◆ Aim of the exercise ◆
Nothing but the lines from the line with "this 1280×1280 image." through the end of the data is to be copied, and each is to be copied exactly.

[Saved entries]
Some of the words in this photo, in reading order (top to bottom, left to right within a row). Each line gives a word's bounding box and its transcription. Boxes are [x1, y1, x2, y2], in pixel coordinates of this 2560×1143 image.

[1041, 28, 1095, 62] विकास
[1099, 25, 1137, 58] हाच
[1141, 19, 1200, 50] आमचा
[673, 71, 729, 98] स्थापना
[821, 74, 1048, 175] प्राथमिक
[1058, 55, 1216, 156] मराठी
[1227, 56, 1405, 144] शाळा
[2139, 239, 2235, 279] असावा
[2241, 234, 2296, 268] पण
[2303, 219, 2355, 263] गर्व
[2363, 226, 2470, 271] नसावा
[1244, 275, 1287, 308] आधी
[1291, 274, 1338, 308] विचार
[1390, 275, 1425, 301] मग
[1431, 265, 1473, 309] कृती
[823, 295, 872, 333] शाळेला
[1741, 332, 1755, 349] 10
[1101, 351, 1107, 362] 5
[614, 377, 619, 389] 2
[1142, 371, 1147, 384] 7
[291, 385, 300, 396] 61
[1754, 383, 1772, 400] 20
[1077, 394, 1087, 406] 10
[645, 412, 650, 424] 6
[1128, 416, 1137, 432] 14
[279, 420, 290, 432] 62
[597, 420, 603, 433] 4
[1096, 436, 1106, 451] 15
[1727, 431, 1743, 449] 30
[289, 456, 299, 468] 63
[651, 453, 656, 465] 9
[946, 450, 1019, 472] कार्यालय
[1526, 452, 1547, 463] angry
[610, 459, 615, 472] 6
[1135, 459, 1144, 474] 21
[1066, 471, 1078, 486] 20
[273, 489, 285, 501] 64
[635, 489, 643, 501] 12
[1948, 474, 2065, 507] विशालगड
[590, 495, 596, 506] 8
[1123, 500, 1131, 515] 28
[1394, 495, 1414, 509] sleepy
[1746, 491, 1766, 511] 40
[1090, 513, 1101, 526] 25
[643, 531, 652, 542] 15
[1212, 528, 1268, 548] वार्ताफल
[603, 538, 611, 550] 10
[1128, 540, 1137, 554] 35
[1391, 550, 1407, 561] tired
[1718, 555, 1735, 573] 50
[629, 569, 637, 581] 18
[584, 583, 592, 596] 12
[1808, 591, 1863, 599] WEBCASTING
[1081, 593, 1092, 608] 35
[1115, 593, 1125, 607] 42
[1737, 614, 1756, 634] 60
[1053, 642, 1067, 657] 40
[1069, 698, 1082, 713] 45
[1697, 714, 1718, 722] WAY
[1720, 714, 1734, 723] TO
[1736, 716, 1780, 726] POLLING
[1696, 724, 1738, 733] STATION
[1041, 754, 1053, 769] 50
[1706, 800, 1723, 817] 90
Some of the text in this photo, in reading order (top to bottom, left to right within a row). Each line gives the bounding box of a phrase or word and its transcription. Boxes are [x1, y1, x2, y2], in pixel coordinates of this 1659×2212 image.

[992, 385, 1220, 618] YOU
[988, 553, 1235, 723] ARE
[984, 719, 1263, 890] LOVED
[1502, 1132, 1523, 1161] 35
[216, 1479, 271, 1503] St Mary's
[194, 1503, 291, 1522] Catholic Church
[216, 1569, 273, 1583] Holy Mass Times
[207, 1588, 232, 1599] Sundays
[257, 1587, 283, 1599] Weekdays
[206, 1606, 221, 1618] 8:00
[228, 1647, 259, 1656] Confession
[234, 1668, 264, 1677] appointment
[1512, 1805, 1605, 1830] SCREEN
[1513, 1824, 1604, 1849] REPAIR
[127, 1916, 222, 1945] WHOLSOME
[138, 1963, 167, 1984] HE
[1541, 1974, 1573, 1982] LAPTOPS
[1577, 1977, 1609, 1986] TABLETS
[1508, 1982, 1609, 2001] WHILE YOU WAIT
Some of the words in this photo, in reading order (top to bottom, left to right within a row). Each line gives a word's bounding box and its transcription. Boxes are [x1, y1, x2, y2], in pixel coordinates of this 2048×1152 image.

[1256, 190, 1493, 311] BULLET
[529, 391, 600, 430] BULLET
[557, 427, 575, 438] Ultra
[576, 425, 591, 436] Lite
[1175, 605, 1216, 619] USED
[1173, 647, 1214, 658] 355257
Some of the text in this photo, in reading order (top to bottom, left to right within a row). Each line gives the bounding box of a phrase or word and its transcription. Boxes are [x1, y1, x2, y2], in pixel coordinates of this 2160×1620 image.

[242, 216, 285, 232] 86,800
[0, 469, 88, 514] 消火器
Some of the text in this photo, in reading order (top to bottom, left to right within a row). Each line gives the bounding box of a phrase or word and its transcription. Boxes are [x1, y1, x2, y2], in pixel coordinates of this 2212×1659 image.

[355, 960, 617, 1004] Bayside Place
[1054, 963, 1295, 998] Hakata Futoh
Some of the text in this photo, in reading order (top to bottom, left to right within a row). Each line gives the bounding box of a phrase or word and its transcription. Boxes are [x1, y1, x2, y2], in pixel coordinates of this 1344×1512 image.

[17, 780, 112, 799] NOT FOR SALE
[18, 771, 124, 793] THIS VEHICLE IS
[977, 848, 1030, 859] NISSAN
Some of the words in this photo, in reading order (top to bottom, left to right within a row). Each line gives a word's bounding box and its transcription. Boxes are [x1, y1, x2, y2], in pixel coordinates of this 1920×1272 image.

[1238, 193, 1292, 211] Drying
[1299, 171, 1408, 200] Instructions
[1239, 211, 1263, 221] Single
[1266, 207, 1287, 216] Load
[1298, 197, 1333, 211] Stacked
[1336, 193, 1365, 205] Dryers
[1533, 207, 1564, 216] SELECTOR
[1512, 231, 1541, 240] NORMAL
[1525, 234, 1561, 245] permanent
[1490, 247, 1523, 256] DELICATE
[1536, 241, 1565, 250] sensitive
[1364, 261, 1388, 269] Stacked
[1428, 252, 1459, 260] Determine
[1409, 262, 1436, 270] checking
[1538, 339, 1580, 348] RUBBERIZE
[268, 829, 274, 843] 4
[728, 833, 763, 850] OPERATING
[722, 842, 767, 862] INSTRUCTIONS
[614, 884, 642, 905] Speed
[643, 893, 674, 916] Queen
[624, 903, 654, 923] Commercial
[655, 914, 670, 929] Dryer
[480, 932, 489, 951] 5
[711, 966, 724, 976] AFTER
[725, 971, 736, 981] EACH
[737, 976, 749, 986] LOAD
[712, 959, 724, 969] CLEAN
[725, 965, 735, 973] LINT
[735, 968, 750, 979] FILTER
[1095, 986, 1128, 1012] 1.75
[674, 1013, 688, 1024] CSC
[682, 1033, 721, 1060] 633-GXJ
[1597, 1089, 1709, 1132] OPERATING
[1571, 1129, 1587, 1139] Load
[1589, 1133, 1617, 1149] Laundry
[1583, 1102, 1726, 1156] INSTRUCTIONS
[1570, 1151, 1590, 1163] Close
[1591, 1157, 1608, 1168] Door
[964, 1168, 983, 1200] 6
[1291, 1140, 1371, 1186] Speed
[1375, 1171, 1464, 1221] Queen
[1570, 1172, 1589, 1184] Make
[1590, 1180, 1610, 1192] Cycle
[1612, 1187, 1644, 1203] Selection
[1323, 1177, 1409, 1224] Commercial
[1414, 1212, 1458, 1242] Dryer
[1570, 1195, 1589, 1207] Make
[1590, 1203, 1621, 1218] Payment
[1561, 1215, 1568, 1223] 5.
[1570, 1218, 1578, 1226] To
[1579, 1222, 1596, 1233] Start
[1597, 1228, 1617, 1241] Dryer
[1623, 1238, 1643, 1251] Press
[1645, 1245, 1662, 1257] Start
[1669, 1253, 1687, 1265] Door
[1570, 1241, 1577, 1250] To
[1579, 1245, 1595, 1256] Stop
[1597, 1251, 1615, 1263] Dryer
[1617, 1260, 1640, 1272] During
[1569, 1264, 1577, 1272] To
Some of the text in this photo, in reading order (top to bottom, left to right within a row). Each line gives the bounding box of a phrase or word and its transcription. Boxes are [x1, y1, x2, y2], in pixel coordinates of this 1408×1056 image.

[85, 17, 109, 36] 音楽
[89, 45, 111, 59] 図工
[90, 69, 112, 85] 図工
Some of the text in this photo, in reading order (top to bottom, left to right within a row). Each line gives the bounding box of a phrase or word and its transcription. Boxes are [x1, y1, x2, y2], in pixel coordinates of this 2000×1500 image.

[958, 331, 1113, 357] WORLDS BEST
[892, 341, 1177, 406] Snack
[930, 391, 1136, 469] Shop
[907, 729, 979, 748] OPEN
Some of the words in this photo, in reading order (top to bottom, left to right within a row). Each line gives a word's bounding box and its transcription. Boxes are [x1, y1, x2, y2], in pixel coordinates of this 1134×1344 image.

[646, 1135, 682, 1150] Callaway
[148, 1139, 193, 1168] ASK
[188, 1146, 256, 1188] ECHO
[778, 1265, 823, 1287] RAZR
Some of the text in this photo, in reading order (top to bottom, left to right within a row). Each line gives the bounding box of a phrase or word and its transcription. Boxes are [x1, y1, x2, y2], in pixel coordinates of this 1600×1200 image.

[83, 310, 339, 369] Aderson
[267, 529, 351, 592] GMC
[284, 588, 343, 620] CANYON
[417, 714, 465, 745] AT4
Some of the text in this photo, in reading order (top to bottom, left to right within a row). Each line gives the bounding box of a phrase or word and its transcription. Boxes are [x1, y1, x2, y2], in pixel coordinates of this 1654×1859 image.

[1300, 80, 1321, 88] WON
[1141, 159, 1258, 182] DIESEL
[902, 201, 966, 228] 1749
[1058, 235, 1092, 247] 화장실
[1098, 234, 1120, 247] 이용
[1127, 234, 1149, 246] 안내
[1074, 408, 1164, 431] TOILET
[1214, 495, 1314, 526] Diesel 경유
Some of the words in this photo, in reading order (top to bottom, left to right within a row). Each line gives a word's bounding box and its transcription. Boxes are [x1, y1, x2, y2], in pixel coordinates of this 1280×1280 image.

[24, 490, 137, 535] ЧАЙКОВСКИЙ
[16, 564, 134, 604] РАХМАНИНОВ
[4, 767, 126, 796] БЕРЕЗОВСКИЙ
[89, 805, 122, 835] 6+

◆ Written answer ◆
Some of the words in this photo, in reading order (top to bottom, left to right within a row). Each line gives a word's bounding box and its transcription. Boxes are [x1, y1, x2, y2], in pixel coordinates of this 1280×1280 image.

[24, 490, 137, 535] ЧАЙКОВСКИЙ
[16, 564, 134, 604] РАХМАНИНОВ
[4, 767, 126, 796] БЕРЕЗОВСКИЙ
[89, 805, 122, 835] 6+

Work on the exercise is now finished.